(Saved data entries)
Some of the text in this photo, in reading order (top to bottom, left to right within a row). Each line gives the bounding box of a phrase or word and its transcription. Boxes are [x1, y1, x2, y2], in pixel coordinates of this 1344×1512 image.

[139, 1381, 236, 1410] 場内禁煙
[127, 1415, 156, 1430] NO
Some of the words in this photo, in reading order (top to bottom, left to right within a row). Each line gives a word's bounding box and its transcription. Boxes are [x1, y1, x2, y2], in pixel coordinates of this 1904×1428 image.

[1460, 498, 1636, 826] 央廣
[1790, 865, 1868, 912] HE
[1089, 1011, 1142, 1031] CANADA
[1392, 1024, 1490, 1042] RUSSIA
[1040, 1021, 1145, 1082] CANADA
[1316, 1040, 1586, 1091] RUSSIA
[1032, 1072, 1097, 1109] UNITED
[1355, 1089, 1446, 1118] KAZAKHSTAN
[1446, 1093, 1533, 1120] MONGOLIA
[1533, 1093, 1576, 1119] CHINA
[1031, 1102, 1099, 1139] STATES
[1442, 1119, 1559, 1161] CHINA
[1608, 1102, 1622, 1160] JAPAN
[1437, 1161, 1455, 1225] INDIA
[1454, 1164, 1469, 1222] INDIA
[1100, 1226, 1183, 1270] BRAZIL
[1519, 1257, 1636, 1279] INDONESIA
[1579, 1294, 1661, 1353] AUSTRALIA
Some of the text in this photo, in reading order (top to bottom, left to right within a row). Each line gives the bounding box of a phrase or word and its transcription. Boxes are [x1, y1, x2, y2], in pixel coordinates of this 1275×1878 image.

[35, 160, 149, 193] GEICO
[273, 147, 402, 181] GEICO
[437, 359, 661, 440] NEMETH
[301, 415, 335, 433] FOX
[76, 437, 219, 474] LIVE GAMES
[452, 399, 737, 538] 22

### PROBLEM TO SOLVE
The required output is the exact run of lines from the one with "this 1275×1878 image." through the final line of the entries.

### SOLUTION TO THIS PROBLEM
Some of the text in this photo, in reading order (top to bottom, left to right within a row). Each line gives the bounding box of a phrase or word and its transcription. Boxes are [x1, y1, x2, y2], in pixel coordinates of this 1275×1878 image.

[35, 160, 149, 193] GEICO
[273, 147, 402, 181] GEICO
[437, 359, 661, 440] NEMETH
[301, 415, 335, 433] FOX
[76, 437, 219, 474] LIVE GAMES
[452, 399, 737, 538] 22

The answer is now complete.